*** Given data Section Begins ***
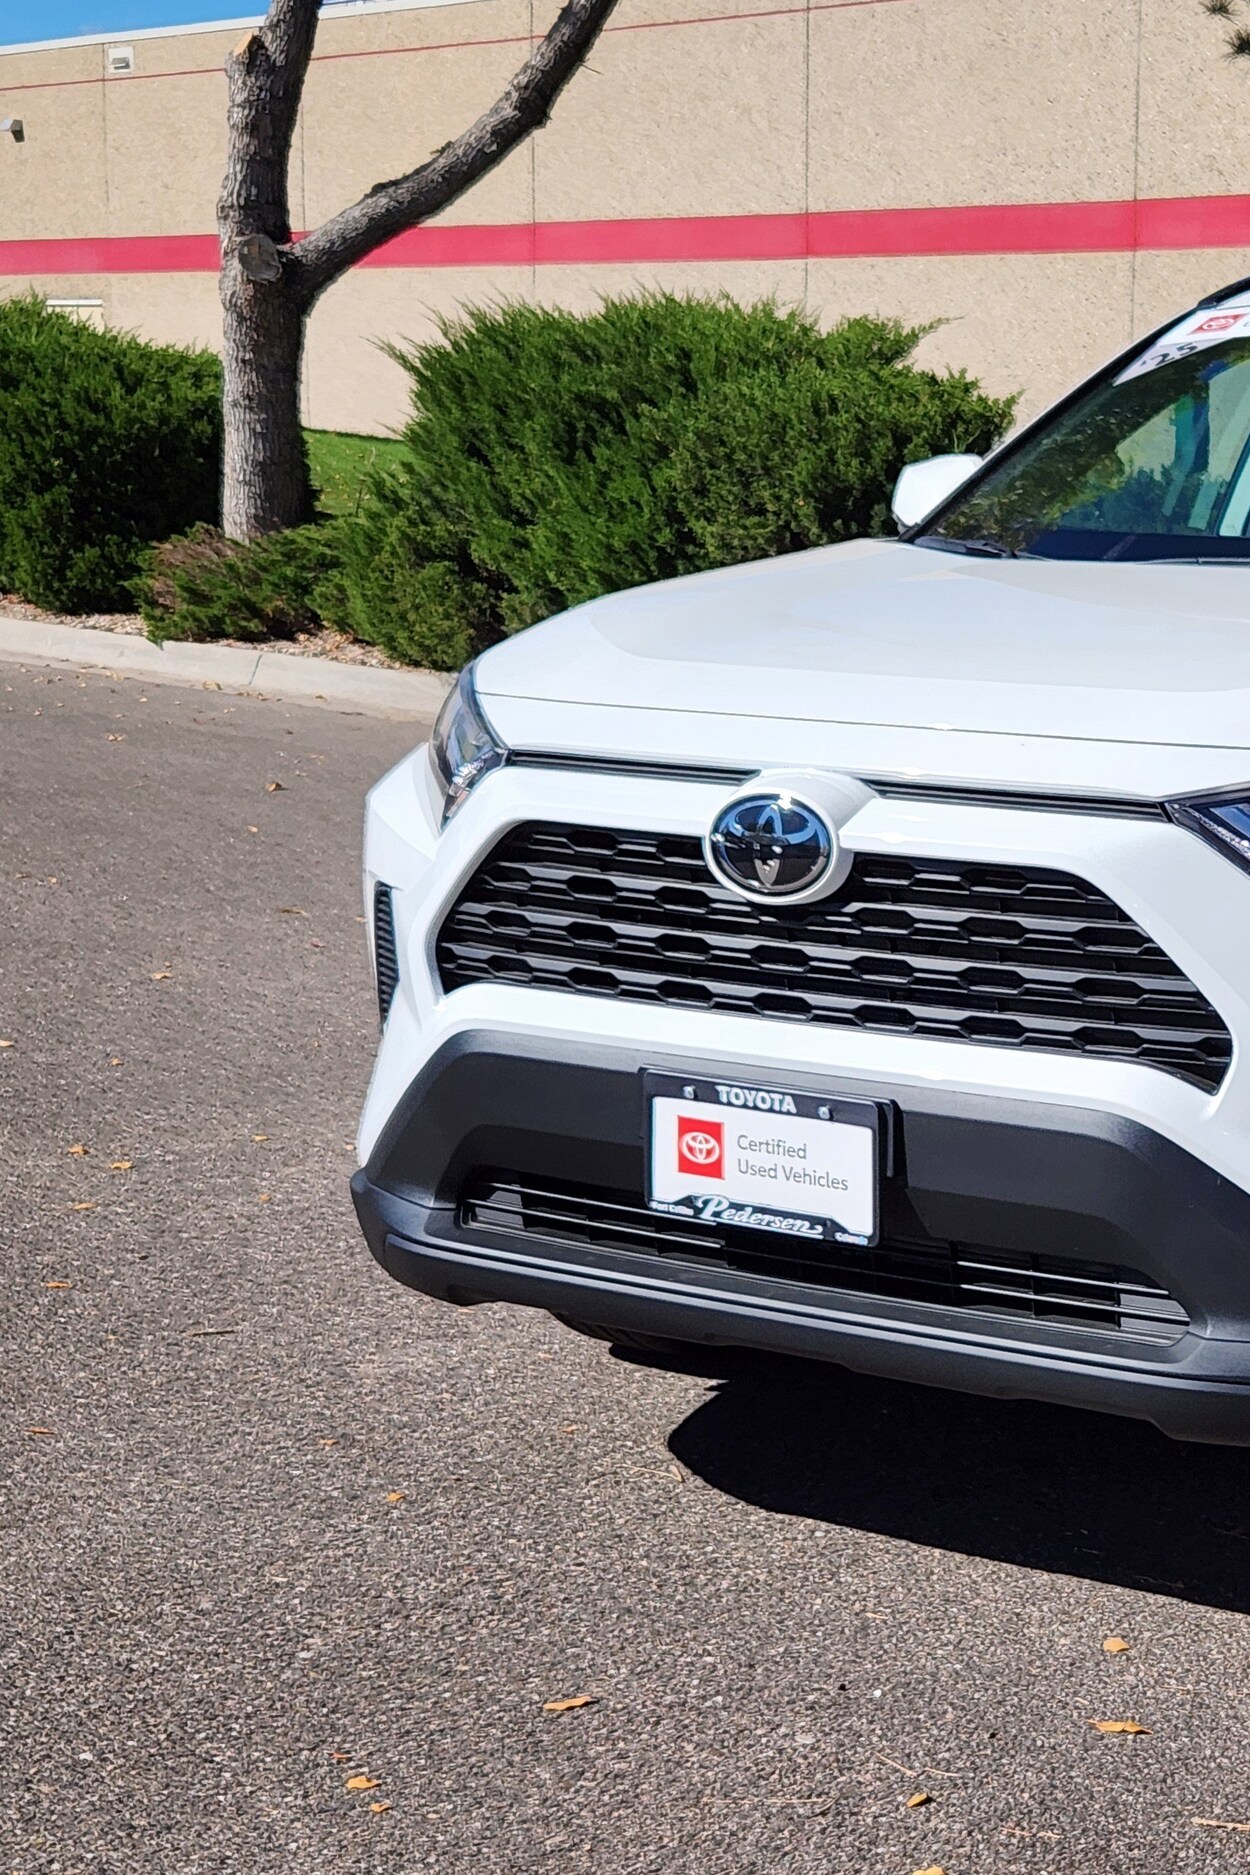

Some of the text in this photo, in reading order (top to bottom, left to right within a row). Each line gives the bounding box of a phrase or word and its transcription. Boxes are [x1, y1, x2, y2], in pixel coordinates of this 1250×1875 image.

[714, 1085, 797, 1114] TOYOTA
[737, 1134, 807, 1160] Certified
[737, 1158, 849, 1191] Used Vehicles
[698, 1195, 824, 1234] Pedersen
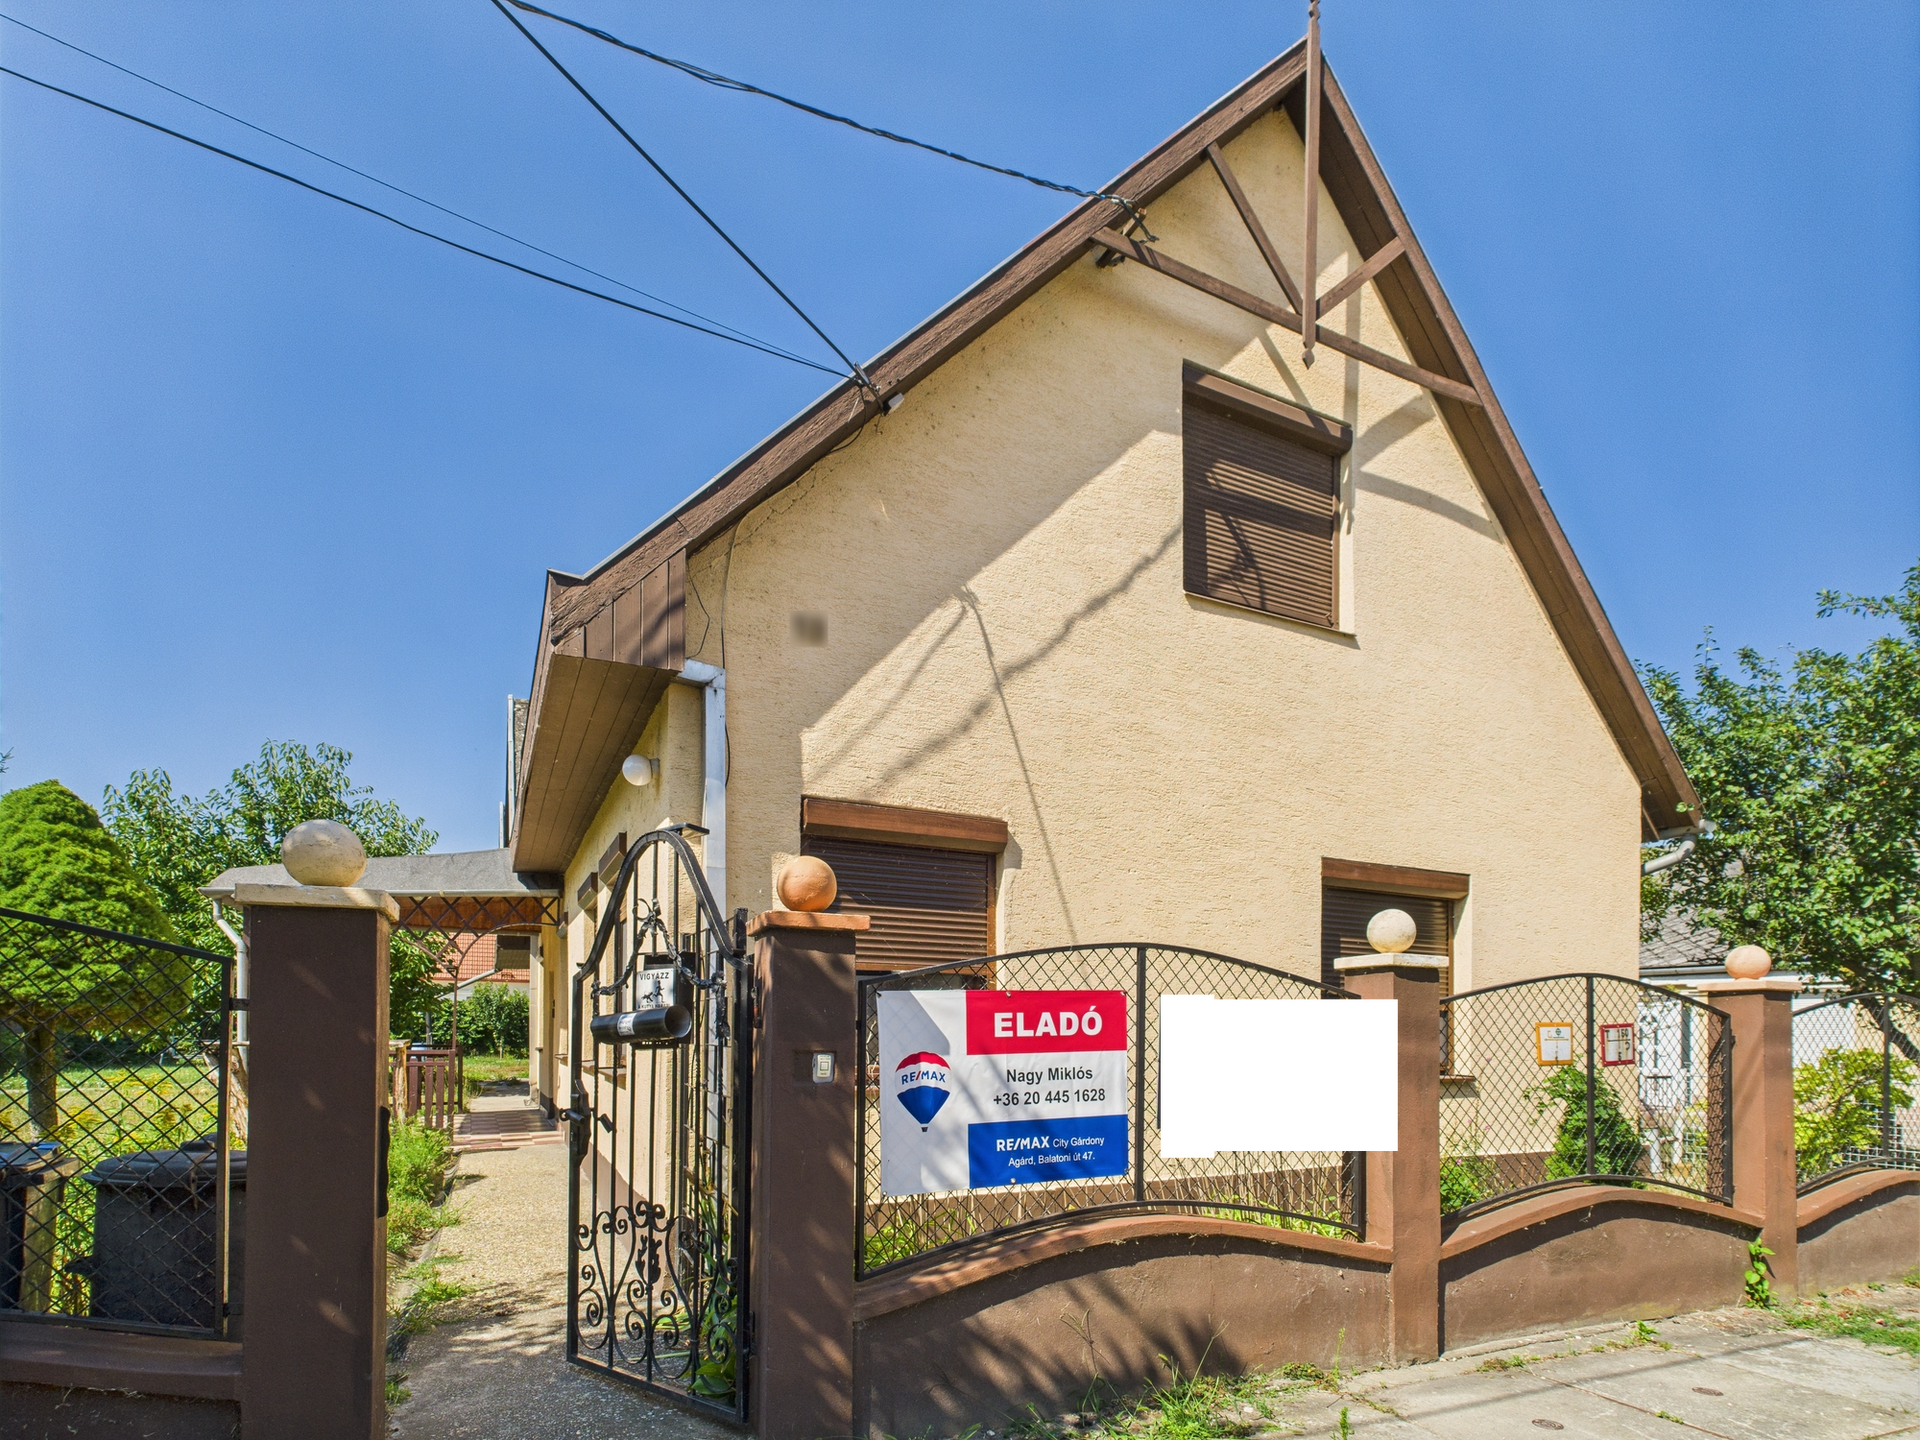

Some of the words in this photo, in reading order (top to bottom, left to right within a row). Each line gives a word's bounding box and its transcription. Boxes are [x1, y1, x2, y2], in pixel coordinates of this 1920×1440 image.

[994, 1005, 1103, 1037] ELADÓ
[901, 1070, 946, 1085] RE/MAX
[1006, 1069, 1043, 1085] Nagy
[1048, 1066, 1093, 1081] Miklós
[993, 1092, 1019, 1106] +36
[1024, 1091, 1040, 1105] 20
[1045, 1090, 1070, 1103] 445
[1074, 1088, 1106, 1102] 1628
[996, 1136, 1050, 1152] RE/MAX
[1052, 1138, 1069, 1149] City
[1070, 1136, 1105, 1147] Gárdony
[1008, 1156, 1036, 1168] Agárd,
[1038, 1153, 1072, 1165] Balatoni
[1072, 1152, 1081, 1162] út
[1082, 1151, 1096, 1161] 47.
*** Given data Section Ends ***
Aim of the task →
Only the line containing "Some of the words" and the lines after it, up to and including the last line of the data, should appear in the answer, exactly as written.

Exercise response →
Some of the words in this photo, in reading order (top to bottom, left to right within a row). Each line gives a word's bounding box and its transcription. Boxes are [x1, y1, x2, y2], in pixel coordinates of this 1920×1440 image.

[994, 1005, 1103, 1037] ELADÓ
[901, 1070, 946, 1085] RE/MAX
[1006, 1069, 1043, 1085] Nagy
[1048, 1066, 1093, 1081] Miklós
[993, 1092, 1019, 1106] +36
[1024, 1091, 1040, 1105] 20
[1045, 1090, 1070, 1103] 445
[1074, 1088, 1106, 1102] 1628
[996, 1136, 1050, 1152] RE/MAX
[1052, 1138, 1069, 1149] City
[1070, 1136, 1105, 1147] Gárdony
[1008, 1156, 1036, 1168] Agárd,
[1038, 1153, 1072, 1165] Balatoni
[1072, 1152, 1081, 1162] út
[1082, 1151, 1096, 1161] 47.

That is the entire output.